SP: “I imagine he’s convincing himself that he’s not going to a lesser bike and that the riders Aprilia has at the moment just aren’t as good as he is. That it will be like Pedro Acosta at KTM. He has to be going to Aprilia thinking he can win the championship there.

“Team principal Massimo Rivola has been open about how disappointed he is that Aprilia hasn’t got a title sponsor. I imagine part of the bet they’re making is that this will bring more sponsorship in, Aprilia will have more money to spend, reliability will be better as a result. There is obviously improvement to be made at Aprilia. Aleix Espargaro will have been convincing Martin that that’s not a problem and Rivola will be trying to secure as much extra budget as possible now.”
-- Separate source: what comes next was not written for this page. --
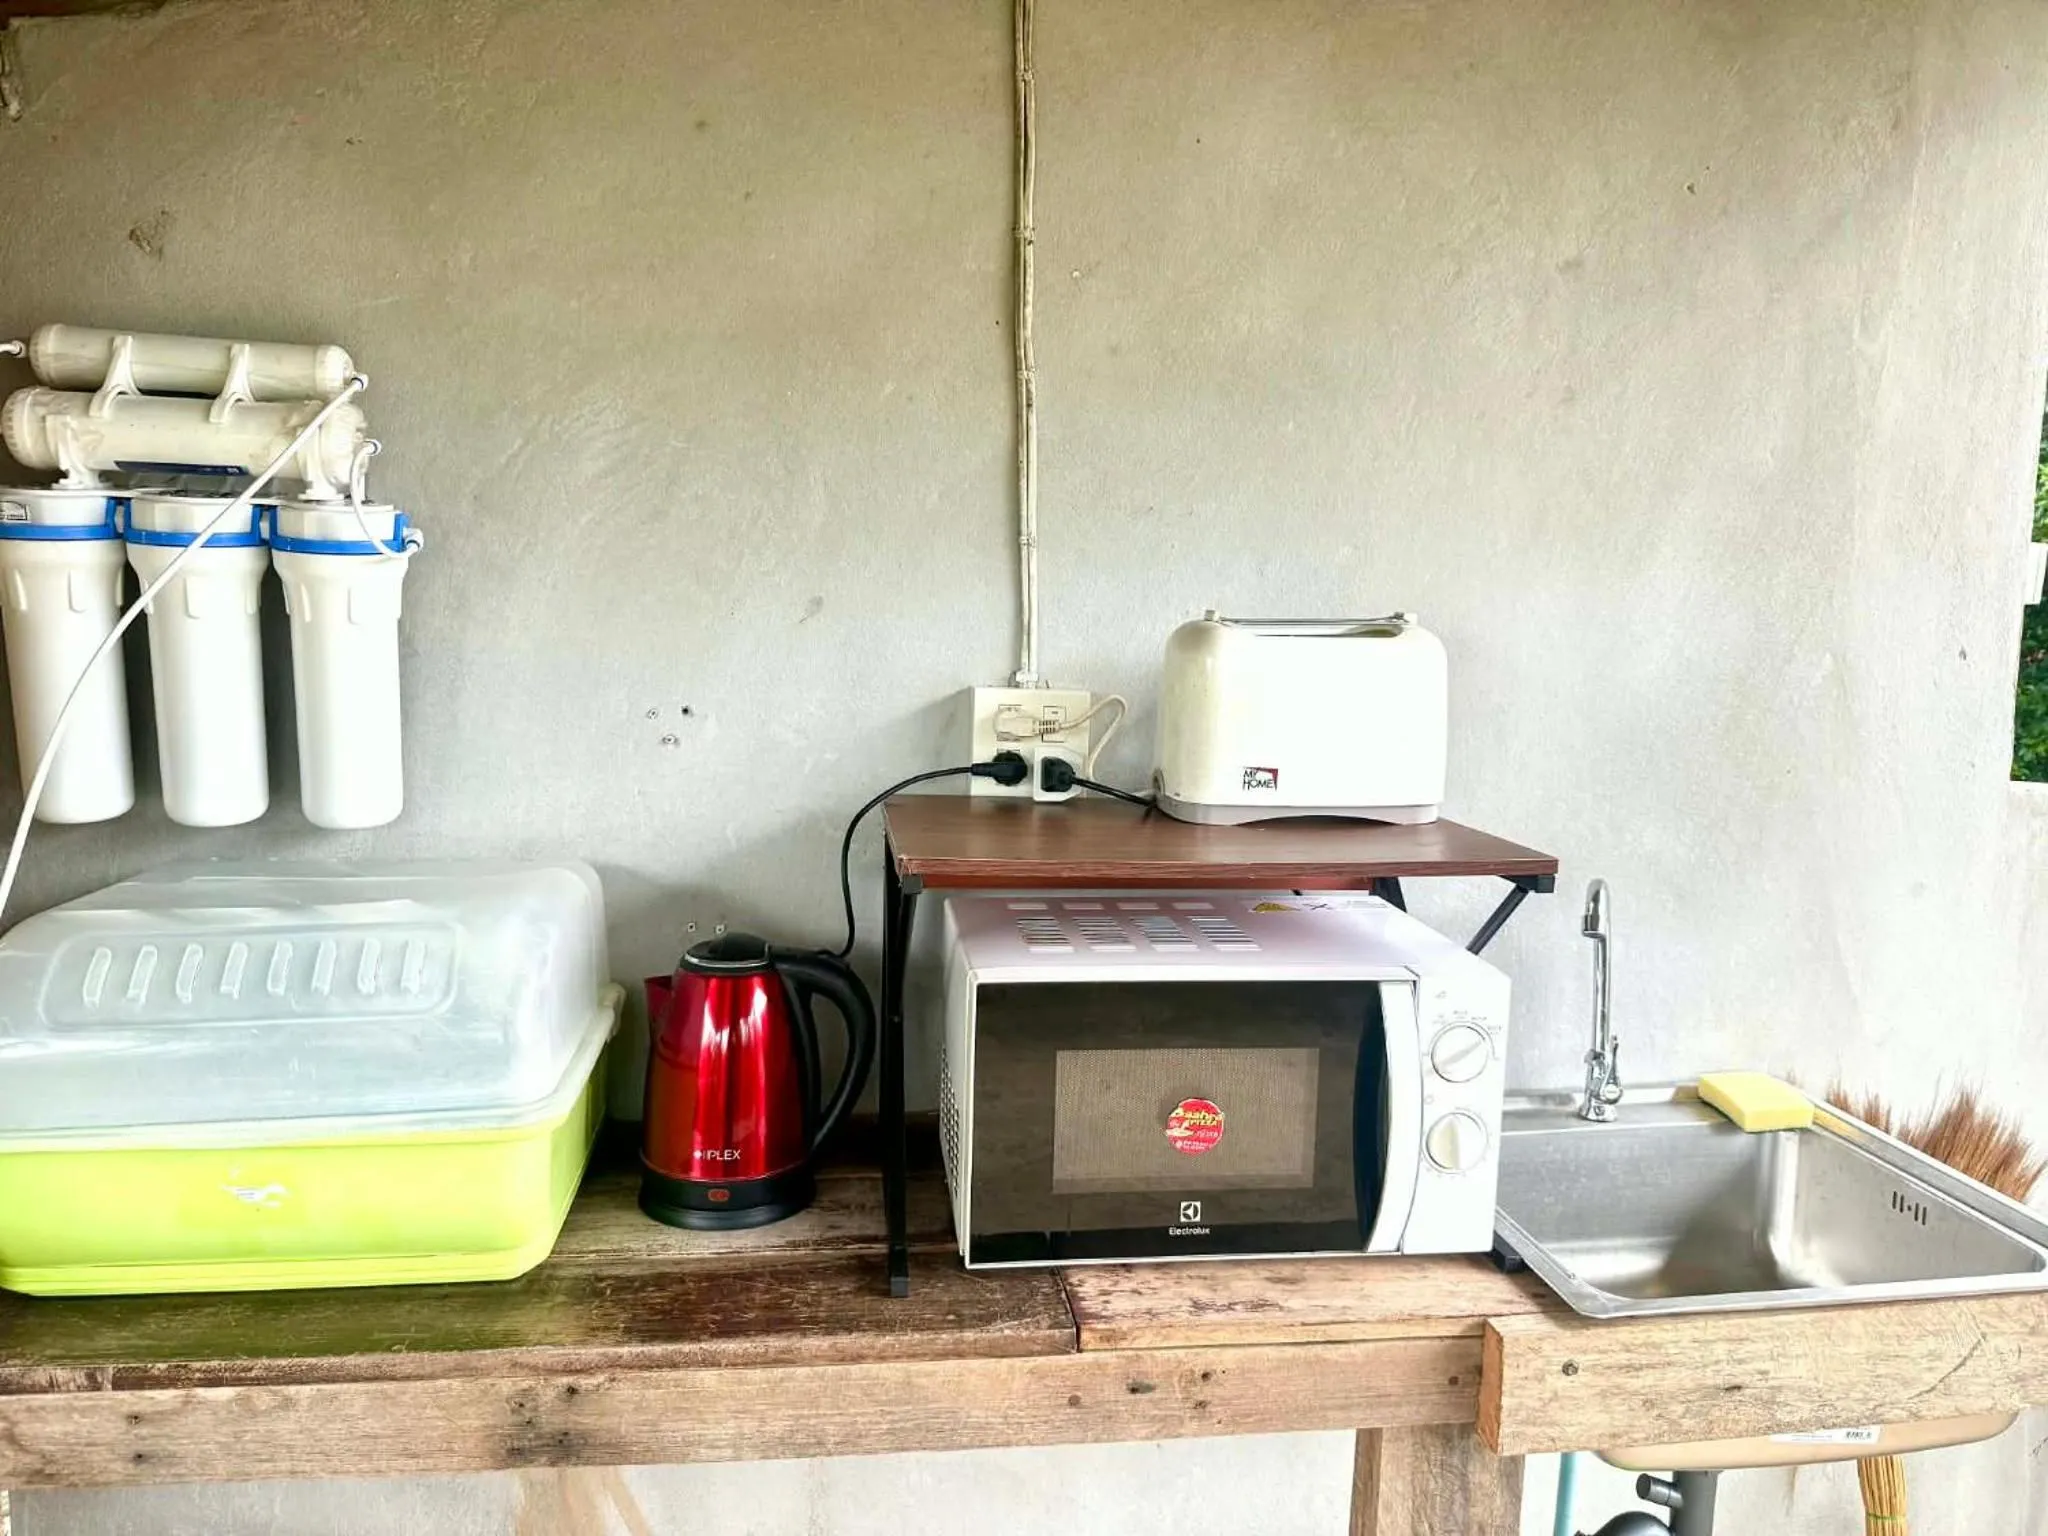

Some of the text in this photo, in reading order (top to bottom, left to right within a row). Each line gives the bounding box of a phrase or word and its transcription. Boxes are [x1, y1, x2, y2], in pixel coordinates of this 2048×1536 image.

[1243, 768, 1259, 778] MY
[1242, 778, 1273, 790] HOME
[1169, 1226, 1210, 1236] Electrolux
VK: “It feels like Aprilia’s the manufacturer that feels component wear and tear the most, and we’ve seen a consistent trend of its performances tailing off over a season.”

SP: “There are things that can easily be fixed by more resources.”

VK: “But the RS-GP is also a bit finicky. We’ve seen almost all riders that have come into Aprilia have pretty long adaptation periods. Even though Martin is a phenomenal rider, there’s no certainty he’ll immediately click with the bike. He’ll click with it sooner rather than later, but I’m interested to see how it goes.”

WHAT WILL VINALES DO?

In the scramble to complete Martin’s deal, Aprilia admitted it forgot to tell current rider Maverick Vinales that the news was coming. It still hopes and intends to keep Vinales as Martin’s 2025 team-mate given it’s Aleix Espargaro’s retirement that has opened up the vacancy for Martin to move into. But will this unsettle Vinales?

SP: “Vinales is going to be very, very upset about finding out from social media and Aprilia were very sheepish about forgetting to tell him. He’s already been flirting with other manufacturers.

“Rivola tried to suggest that Vinales is ‘the captain’ in the team now, if he wants to be. But he also said, effectively, ‘If he doesn’t want to stay, we’ll find someone else’. I don’t think Aprilia is now out of the silly season. There are still games to play there.”

VK: “I do expect Vinales to stay. A lot of people on social media think Martin would immediately blow Vinales out of the water and take control of Aprilia. I’m not 100% on that.”